El cemento sigue mandando

La impresión 3D necesita mezclas que salgan correctamente por la boquilla, mantengan la forma y desarrollen suficiente resistencia. Para lograrlo, algunas formulaciones recurren a una proporción elevada de cemento y aditivos, precisamente los componentes que pueden aumentar el impacto ambiental.

Una evaluación de ciclo de vida sobre vigas impresas concluyó que la impresión 3D tenía, en las condiciones estudiadas, un impacto generalmente mayor por la cantidad de cemento utilizada. El mismo trabajo encontró una vía prometedora en los diseños huecos y optimizados, capaces de compensar parte de esa carga al emplear menos material.

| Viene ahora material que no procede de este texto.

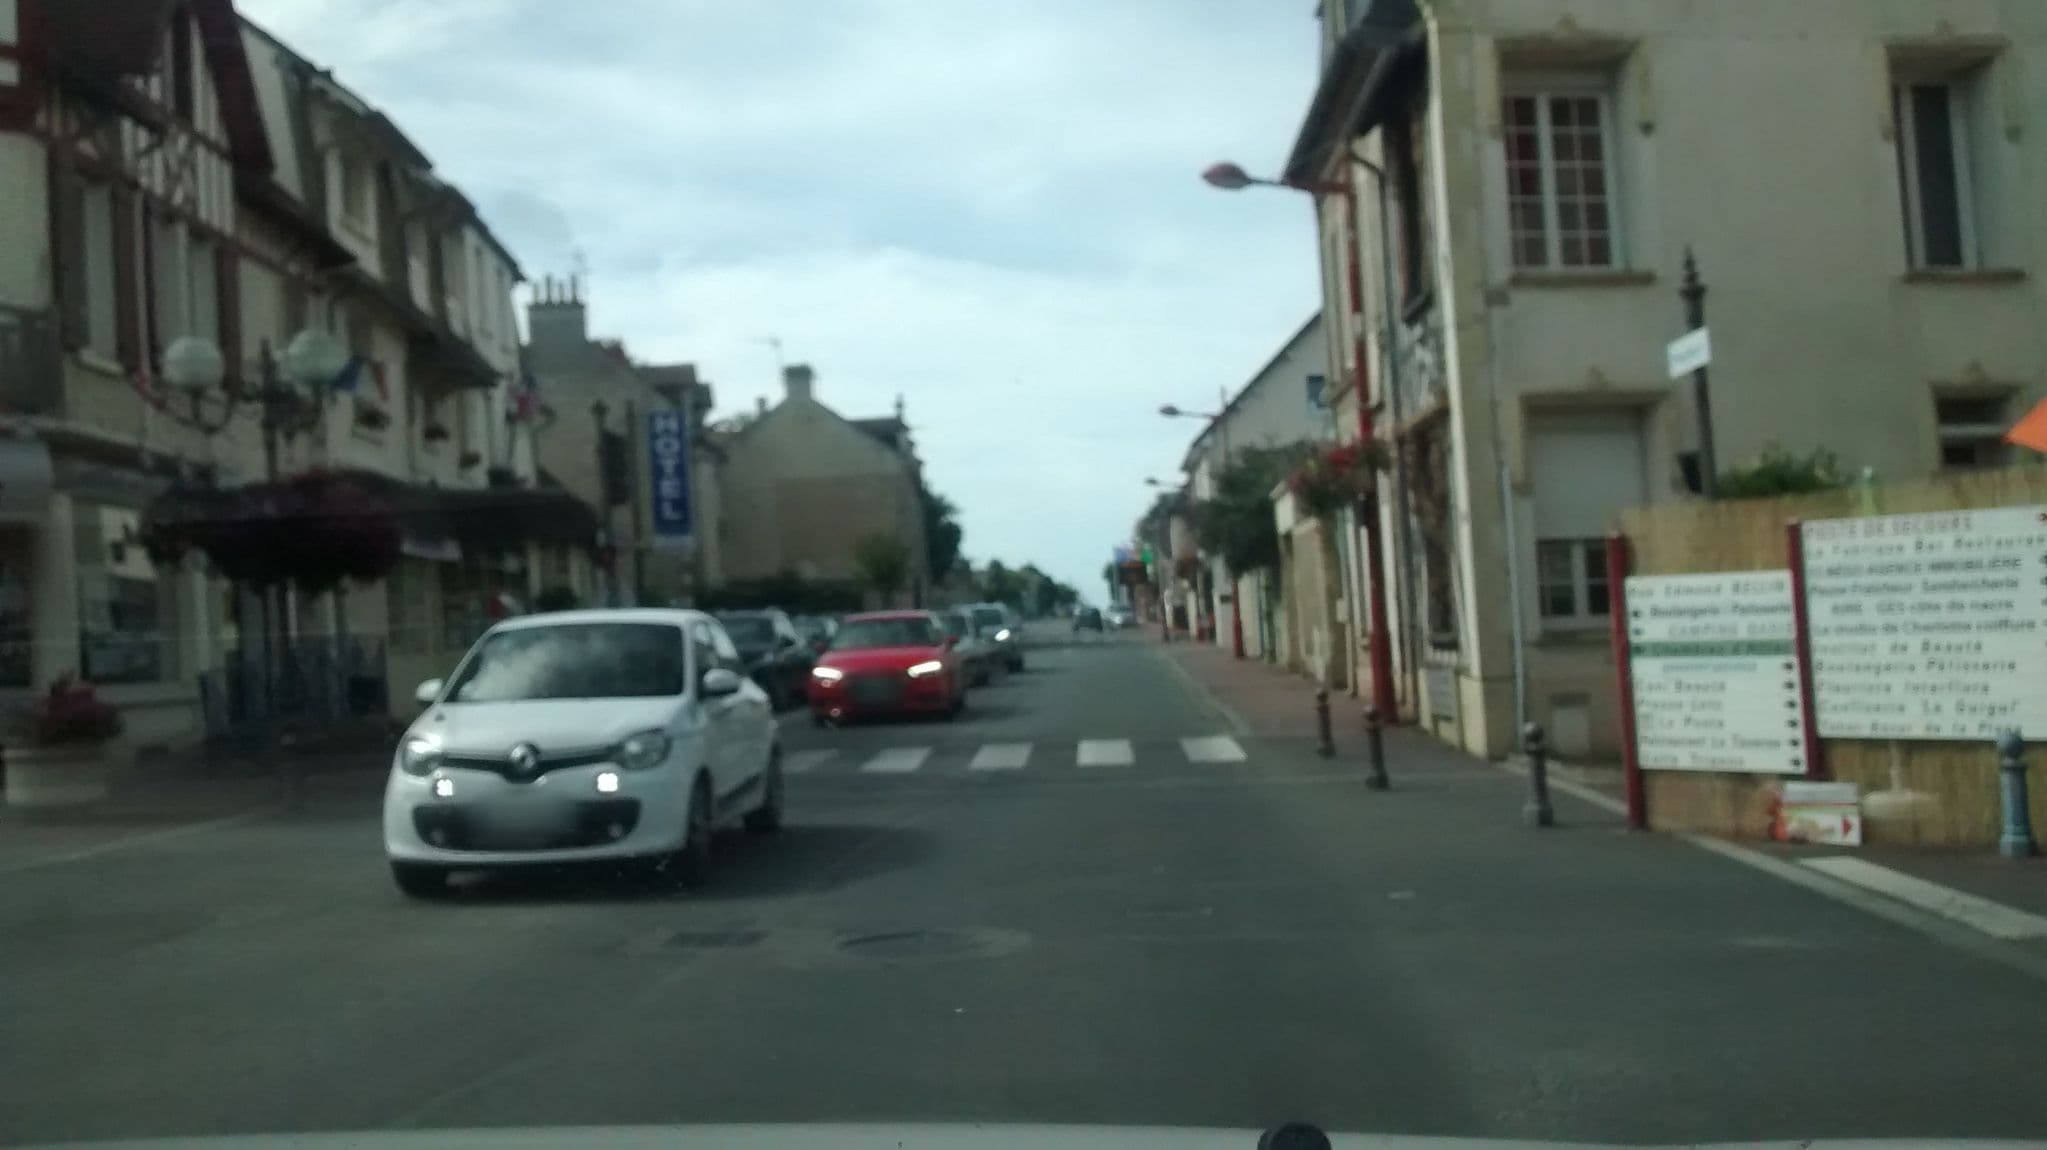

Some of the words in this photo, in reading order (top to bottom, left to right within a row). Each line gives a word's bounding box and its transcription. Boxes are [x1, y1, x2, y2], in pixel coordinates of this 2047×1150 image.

Por eso no basta con decir que una pared se imprime con menos desperdicio. Harían falta datos específicos sobre la composición de Ultimatecrete, el consumo eléctrico, los refuerzos, el transporte, la durabilidad y el final de vida. Sin ese balance completo, el calificativo de sostenible sigue siendo una promesa comercial que deberá demostrarse.

Lo que falta demostrar

La documentación pública presenta especificaciones, imágenes digitales y la apertura de reservas, pero no muestra en esas páginas un edificio de 100 metros terminado con ASCEND. Tampoco aporta allí resultados independientes sobre la precisión alcanzada a máxima altura o la productividad mantenida durante una obra larga. Esta conclusión se limita a la información pública localizada sobre el lanzamiento.

Estos puntos son especialmente delicados. Una boquilla suspendida de una estructura de gran alcance debe colocar cada capa dentro de tolerancias muy pequeñas, mientras el hormigón fresco cambia con la temperatura, la humedad y el tiempo de fraguado. Y eso se nota mucho más en un edificio alto que en una casa de una planta.

También queda la cuestión de la seguridad. La automatización puede acelerar el trabajo físico y reducir tareas repetitivas, pero la resistencia de las capas, los refuerzos y el comportamiento de toda la estructura tendrán que comprobarse antes de utilizar el sistema en proyectos de gran altura.

Una tecnología para vigilar

ASCEND plantea una idea potente. En lugar de añadir otra máquina a una obra ya abarrotada, convierte la grúa torre en una plataforma de fabricación digital capaz de depositar hormigón directamente desde los planos.

Si Luyten demuestra la precisión, la resistencia y el ahorro ambiental en proyectos de gran altura, el sistema podría ampliar de verdad la impresión 3D más allá de las viviendas pequeñas. Hasta entonces, conviene describirlo por lo que es hoy. Una propuesta comercial ambiciosa con especificaciones llamativas y varias pruebas decisivas aún por delante.

El comunicado oficial de presentación de ASCEND ha sido publicado por Luyten a través de EIN Presswire.